Faik Pasha Della-Sudda
One of the prominent Constantinople personalities, Faik Pasha Della-Sudda, died on Jan. 11, 1913. He was the founder and honorary president of the Red Crescent Society, which during many difficult years owed its subsistence to his devoted management, and the American Red Cross Magazine is indebted to his courtesy for the interesting article on the Red Crescent, published in Vol. 5, No. 3. of 1910.
Born in 1835, Faik Pasha Della-Sudda was sent when scarcely sixteen to France, where he studied under the famous chemist, Ganot. He completed his training at the Superior School of Pharmacy, Paris, and at the laboratory of Wurtz & Gerhard, and on his return to Constantinople was immediately appointed to the post of professor of chemistry at the Imperial University of Medicine in that city.
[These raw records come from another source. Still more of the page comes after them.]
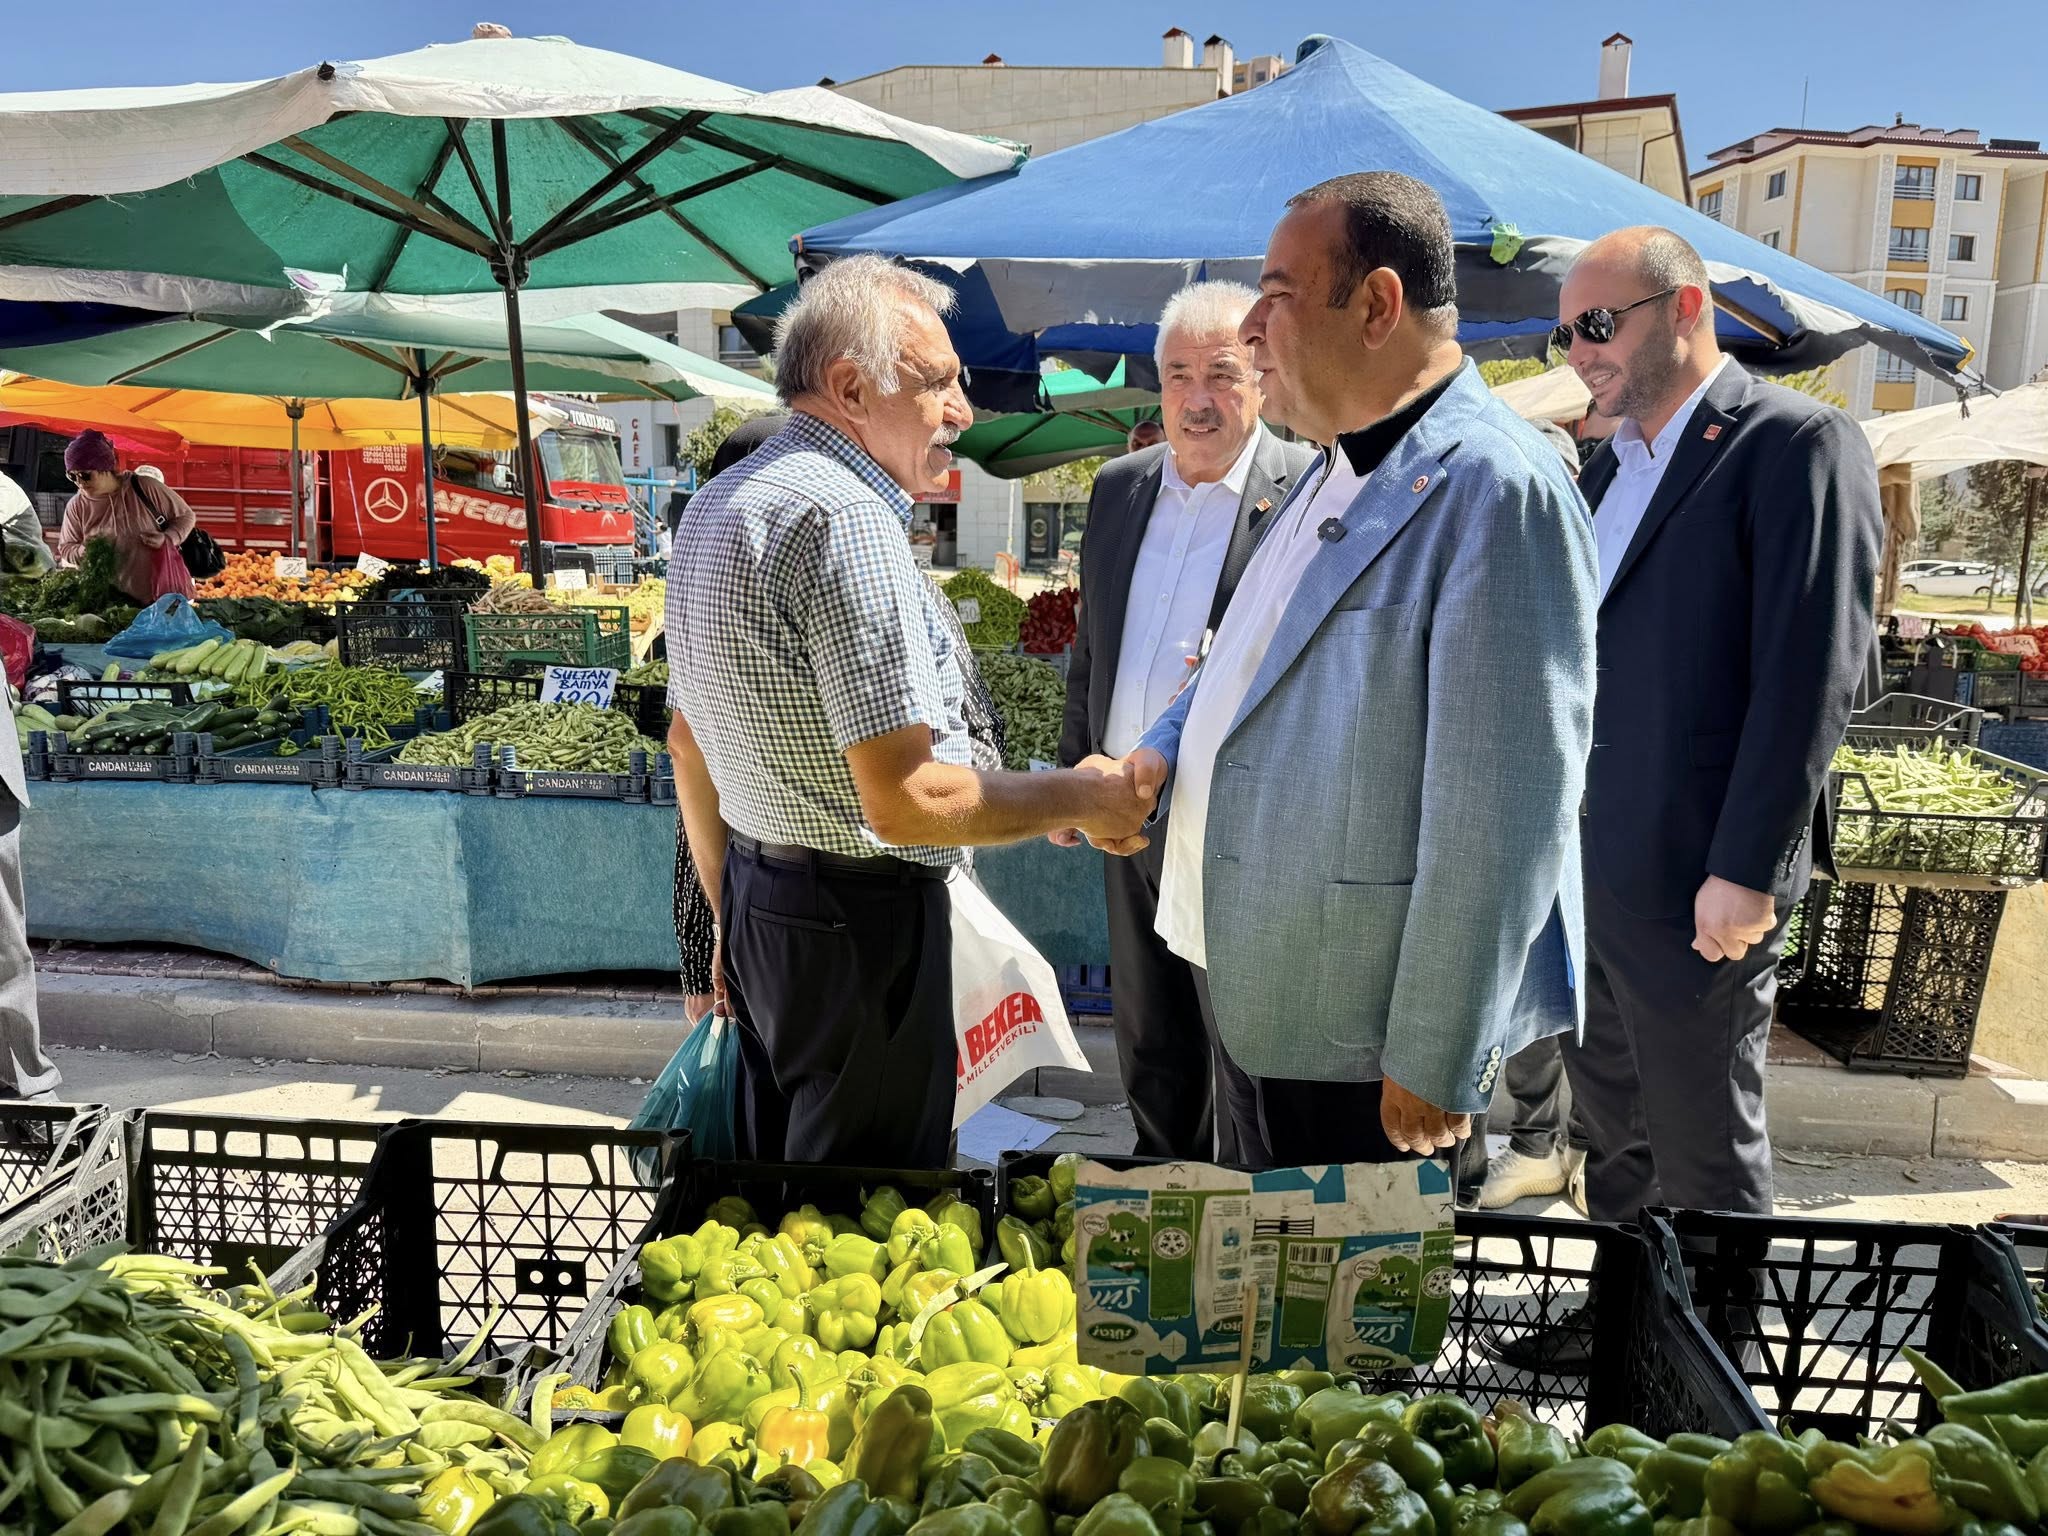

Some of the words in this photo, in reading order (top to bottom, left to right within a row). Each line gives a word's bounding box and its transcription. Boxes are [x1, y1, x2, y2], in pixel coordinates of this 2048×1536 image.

[631, 418, 640, 467] CAFE
[550, 668, 611, 680] SULTAN
[558, 679, 608, 690] BAMYA
[88, 761, 128, 772] CANDAN
[234, 764, 274, 775] CANDAN
[383, 770, 425, 782] CANDAN
[537, 778, 580, 789] CANDAN
[964, 991, 1044, 1068] BEKER
[966, 1022, 1037, 1085] MİLLETVEKİLİ
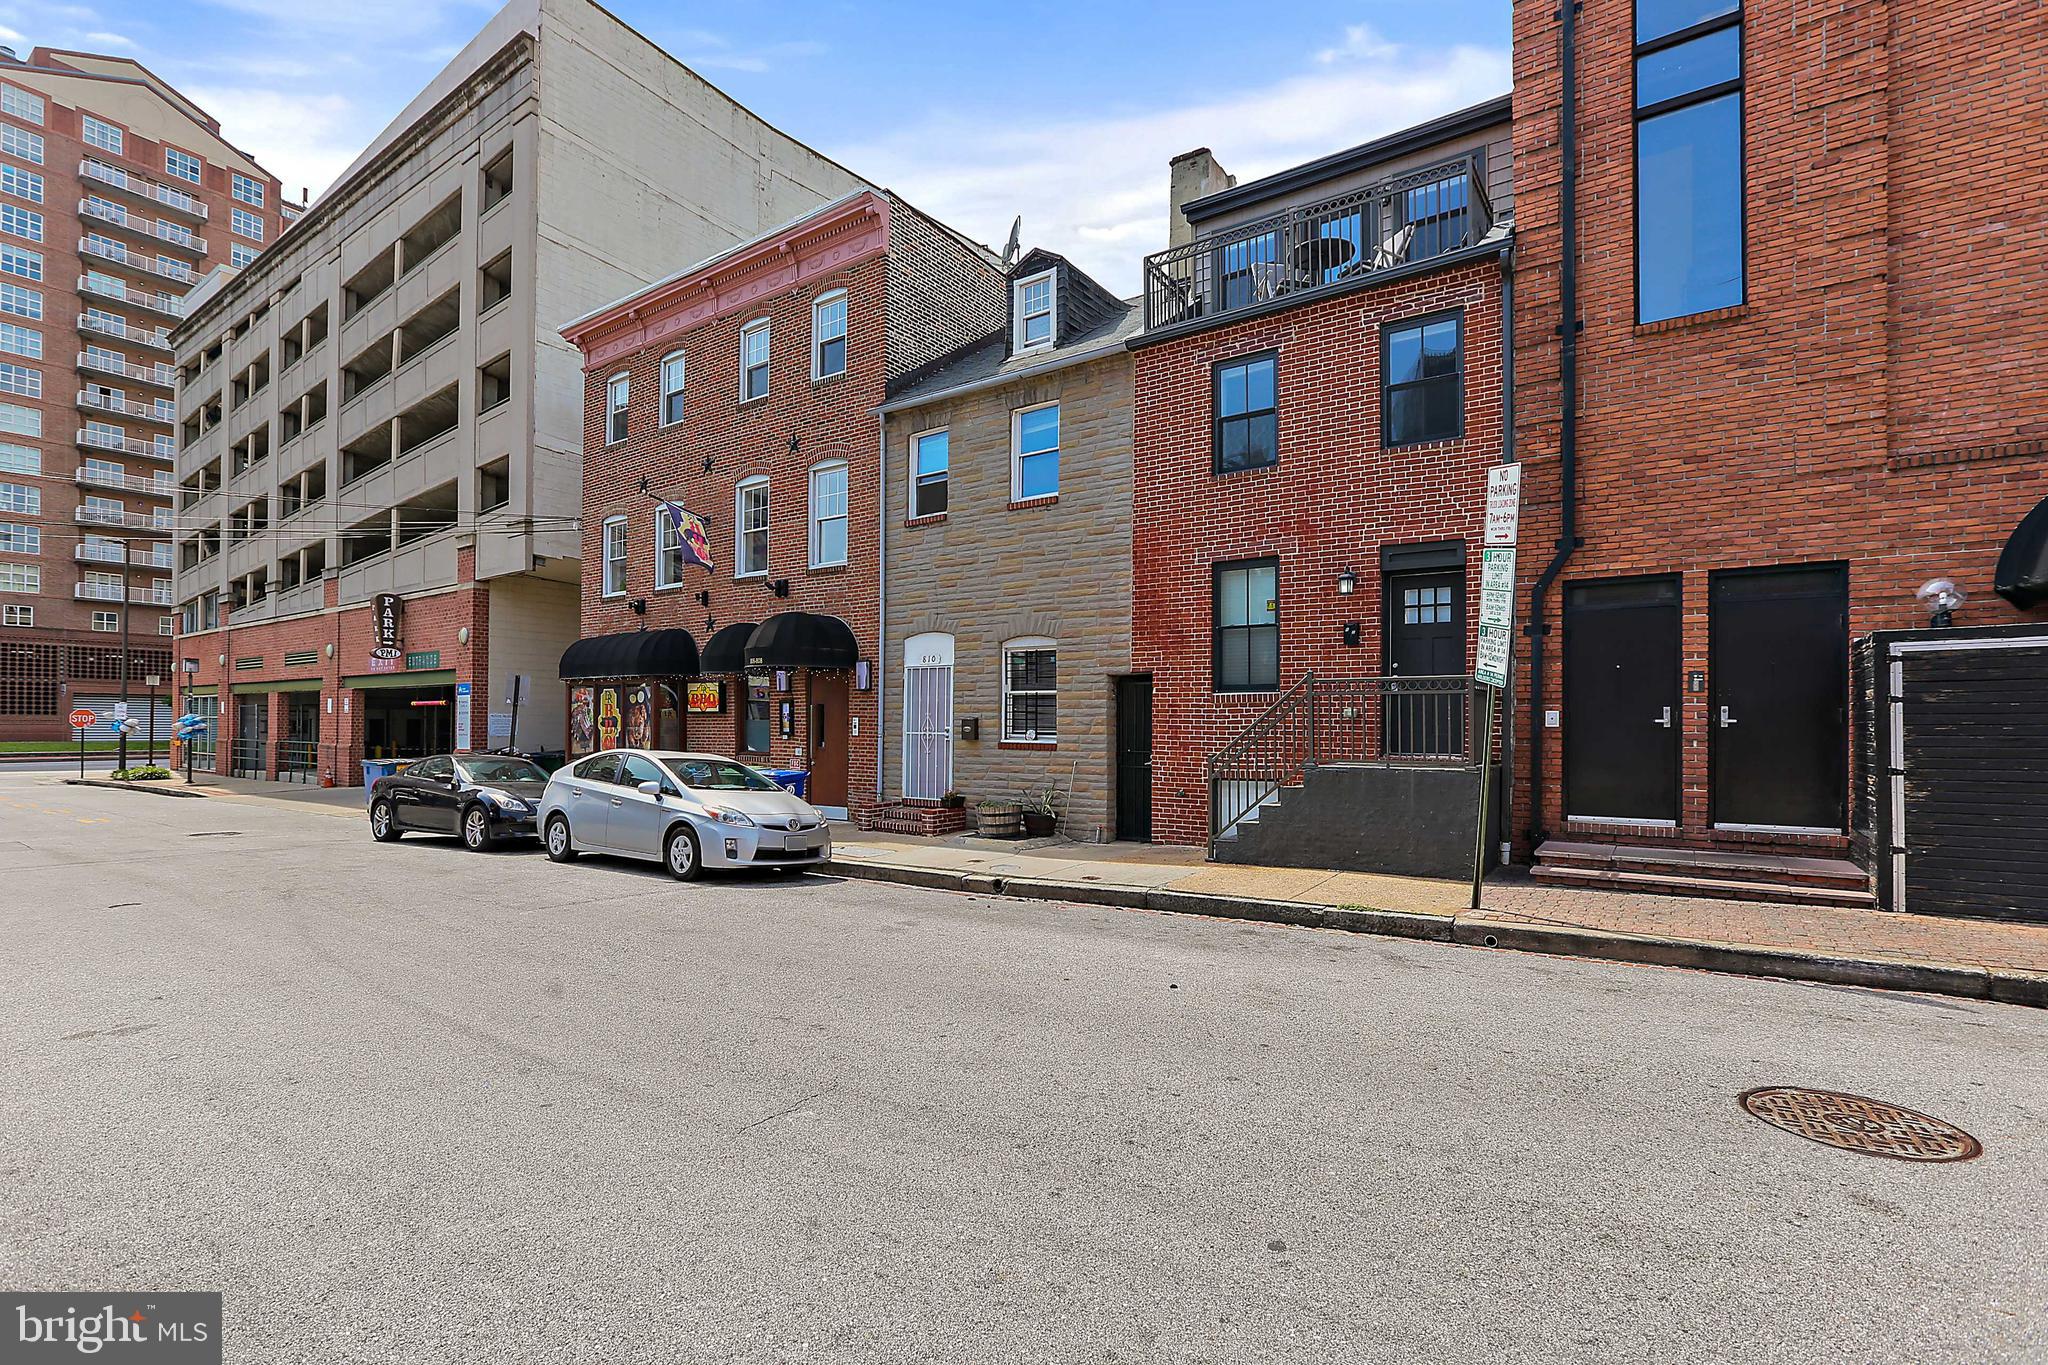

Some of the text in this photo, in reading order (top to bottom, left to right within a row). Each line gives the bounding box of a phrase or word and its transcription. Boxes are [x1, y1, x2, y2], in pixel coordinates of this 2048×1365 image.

[1499, 470, 1509, 482] NO
[1490, 483, 1517, 498] PARKING
[1489, 512, 1515, 524] 7AM-6PM
[1486, 551, 1512, 563] 3 HOUR
[1488, 563, 1509, 572] PARKING
[1492, 572, 1503, 580] LIMIT
[383, 596, 395, 639] PARK
[1482, 627, 1506, 641] 3 HOUR
[1481, 637, 1496, 646] PARKING
[380, 649, 398, 658] PMI
[1486, 645, 1496, 653] AREA
[691, 694, 717, 706] BBQ
For nearly half a century he personally conducted most of the pharmaceutics and chemistry classes in the capital of the Ottoman Empire, with a range and depth of knowledge that has been universally recognized and appreciated.
His important treatises on ammonium, phosphoric acid, opium and the falsification of pharmaceutical products in Turkey, his contributions to European and American exhibitions, made his name well-known abroad, and in 1910 he was unanimously elected honorary president of the newly-organized “Society of Pharmacists in Turkey,” in proof of the grateful affection of colleagues and pupils, and of his own superior scholarship and value. He leaves behind him the record of a long life admirably spent.